The abandoned Tri-State mining district includes 1,188 square miles in northeastern Oklahoma, southeastern Kansas, and southwestern Missouri. The most productive part of the Tri-State mining district was the 40-square mile part in Oklahoma, commonly referred to as 'the Picher mining district' in north-central Ottawa County, Oklahoma. The Oklahoma part of the Tri-State mining district was a primary producing area of lead and zinc in the United States during the first half of the 20th century. Sulfide minerals of cadmium, iron, lead, and zinc that remained in flooded underground mine workings and in mine tailings on the land surface oxidized and dissolved with time, forming a variety of oxide, hydroxide, and hydroxycarbonate metallic minerals on the land surface and in streams that drain the district. Metals in water and sediments in streams draining the mining district can potentially impair the habitat and health of many forms of aquatic and terrestrial life.

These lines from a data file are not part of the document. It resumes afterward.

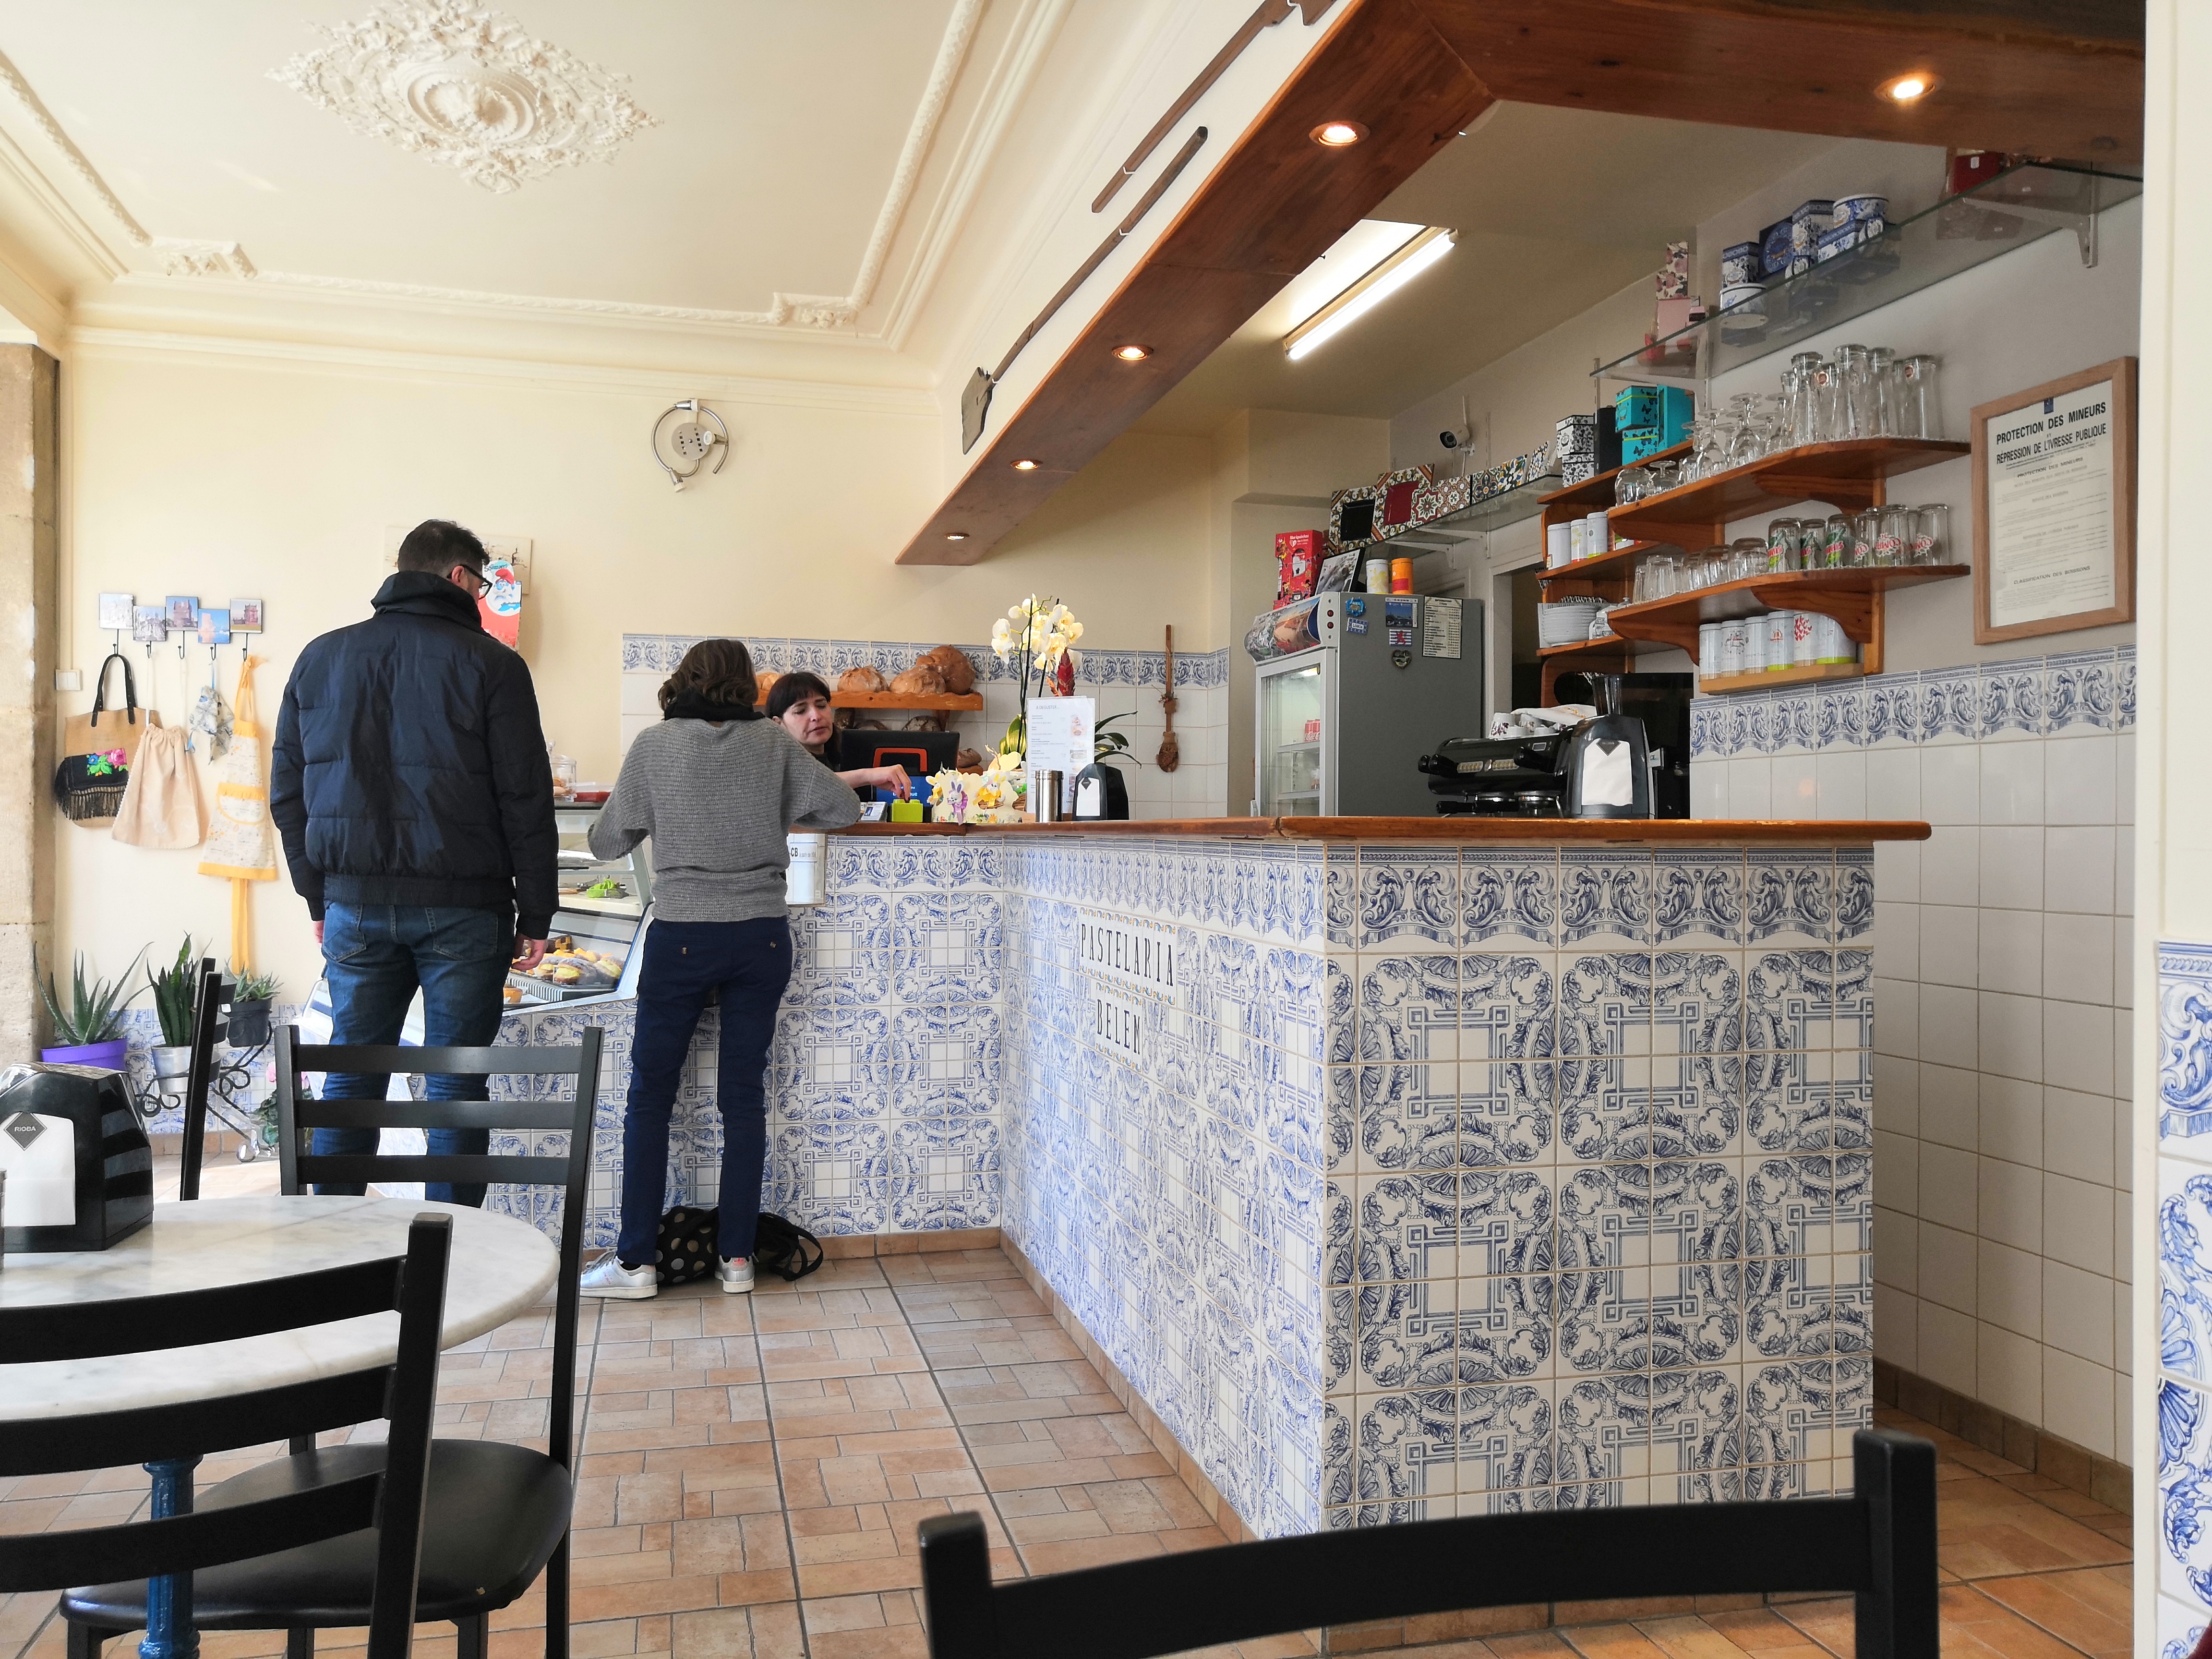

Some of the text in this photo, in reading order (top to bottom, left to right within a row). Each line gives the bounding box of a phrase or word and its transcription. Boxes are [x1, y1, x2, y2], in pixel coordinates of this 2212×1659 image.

[1996, 401, 2105, 445] PROTECTION DES MINEURS
[1996, 444, 2031, 464] RÉPRESSION
[2034, 442, 2041, 454] DE
[2044, 433, 2072, 451] L'IVRESSE
[2076, 422, 2106, 442] PUBLIQUE
[2017, 467, 2046, 479] PROTECTION
[2014, 573, 2050, 584] CLASSIFICATION
[791, 847, 798, 857] CB
[1081, 924, 1173, 986] PASTELARIA
[1097, 999, 1140, 1055] BELEM
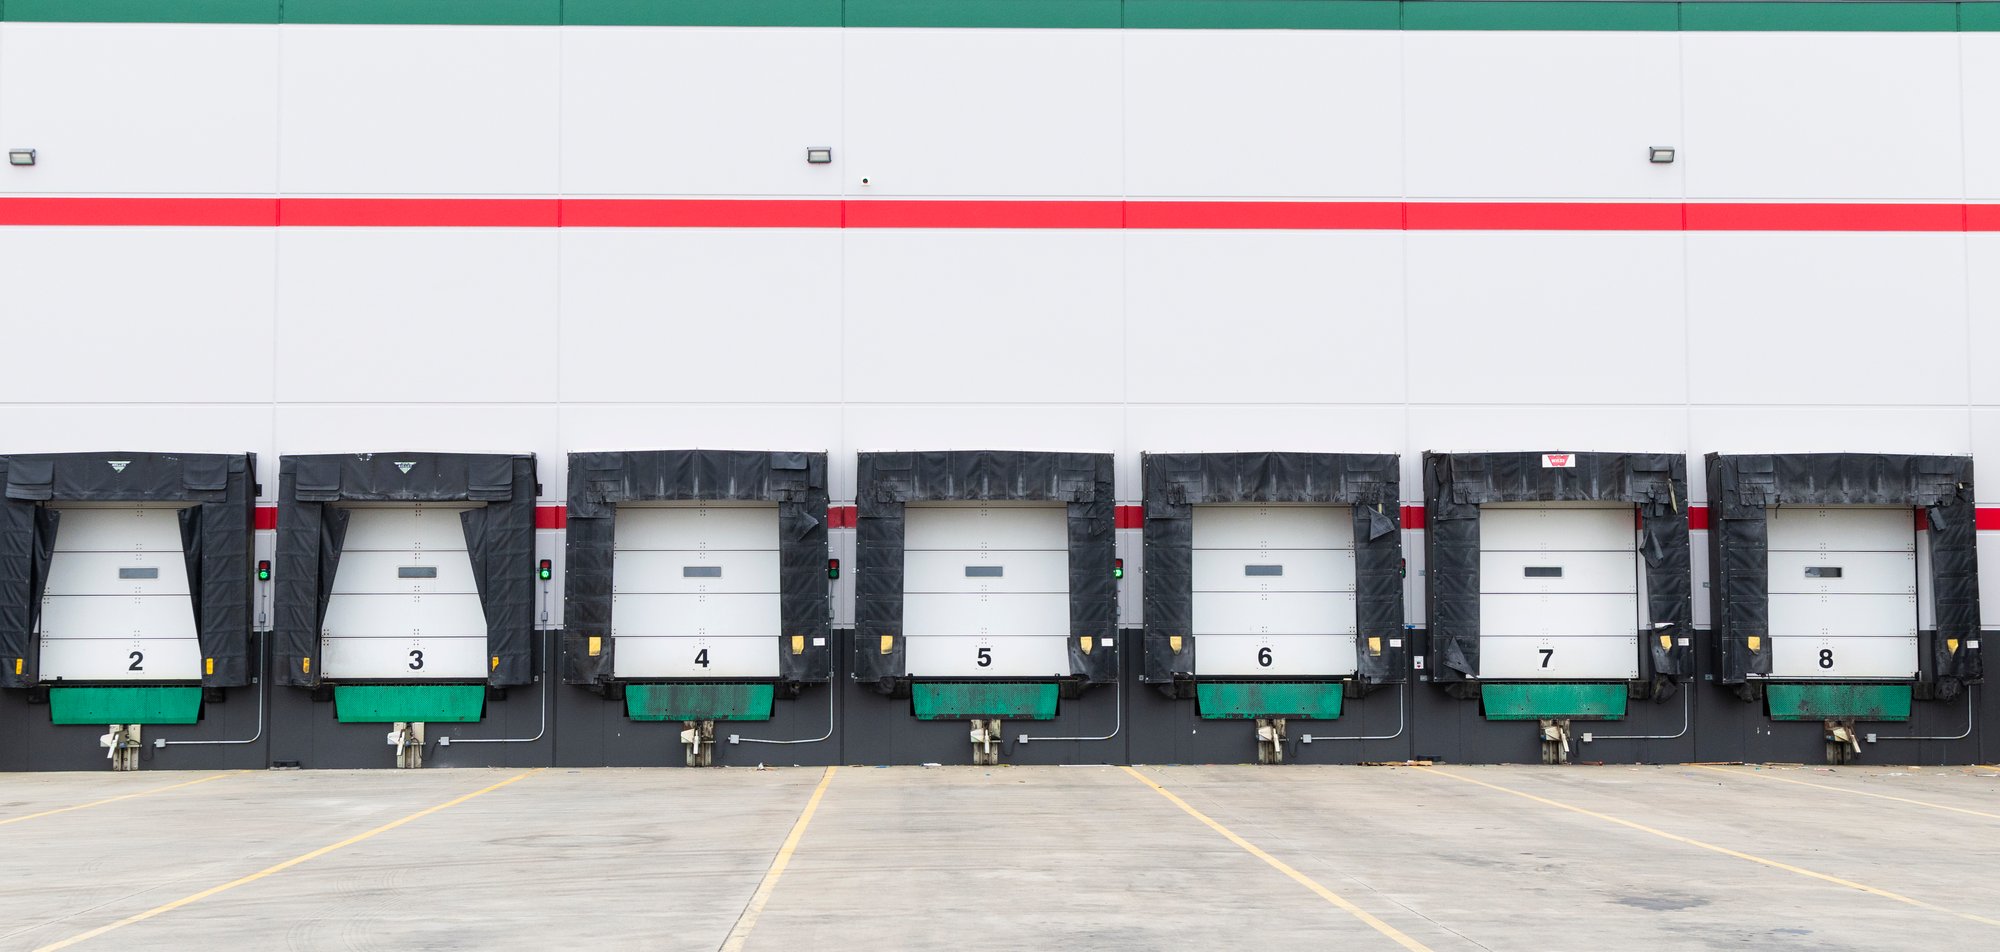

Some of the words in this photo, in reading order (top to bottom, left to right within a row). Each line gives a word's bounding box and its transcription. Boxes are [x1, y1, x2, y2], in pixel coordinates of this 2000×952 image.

[129, 651, 143, 670] 2
[409, 650, 423, 669] 3
[694, 649, 709, 667] 4
[977, 648, 991, 667] 5
[1258, 648, 1272, 666] 6
[1539, 649, 1553, 667] 7
[1818, 649, 1833, 668] 8

Lakebed, streambed and floodplain sediments and/or stream water were sampled at 30 sites in the Oklahoma part of the Tri-State mining district by the U.S. Geological Survey and the Oklahoma Department of Environmental Quality from 2000 to 2006 in cooperation with the U.S. Environmental Protection Agency, and the Quapaw and Seneca-Cayuga Tribes of Oklahoma. Aluminum and iron concentrations of several thousand milligrams per kilogram were measured in sediments collected from the upstream end of Grand Lake O' the Cherokees. Manganese and zinc concentrations in those sediments were several hundred milligrams per kilogram. Lead and cadmium concentrations in those sediments were about 10 percent and 0.1 percent of zinc concentrations, respectively. Sediment cores collected in a transect across the floodplain of Tar Creek near Miami, Oklahoma, in 2004 had similar or greater concentrations of those metals than sediment cores collected at the upstream end of Grand Lake O' the Cherokees. The greatest concentrations of cadmium, iron, lead, and zinc were detected in sediments beneath an intermittent tributary to Tar Creek, a slough which drains mined areas near Commerce, Oklahoma.
In surface water, aluminum and iron concentrations were greatest in the Neosho River, perhaps a result of runoff from areas underlain by shales. The greatest aqueous concentrations of cadmium, lead, manganese, and zinc were measured in water from Tar Creek, the primary small stream draining the Picher mining district with the largest proportion of mined area. Water from the Spring River had greater zinc concentrations than water from the Neosho River, perhaps as a result of a greater proportion of mined area in the Spring River Basin. Dissolved metals concentrations were generally much less than total metals concentrations, except for manganese and zinc at sites on Tar Creek, where seepage of ground water from the mine workings, saturated mine tailings, and/or metalliferous streambed sediments may be sources of these dissolved metals. Iron and lead concentrations generally decreased with increasing streamflow in upstream reaches of Tar Creek, indicating dilution of metals-rich ground water by runoff. Farther downstream in Tar Creek, and in the Neosho and Spring Rivers, metals concentrations tended to increase with increasing streamflow, indicating that most metals in these parts of these streams were associated with runoff and re-suspension of metals precipitated as oxide, hydroxide, and hydroxycarbonate minerals on land surface and streambeds.
Estimated total aluminum, cadmium, iron, manganese, and zinc loads generally were greatest in water from the Neosho and Spring Rivers, primarily because of comparatively large streamflows in those rivers. Slight increases in metal loads in the downstream directions on those rivers indicated contributions of metals from inflows of small tributaries such as Tar Creek and from runoff.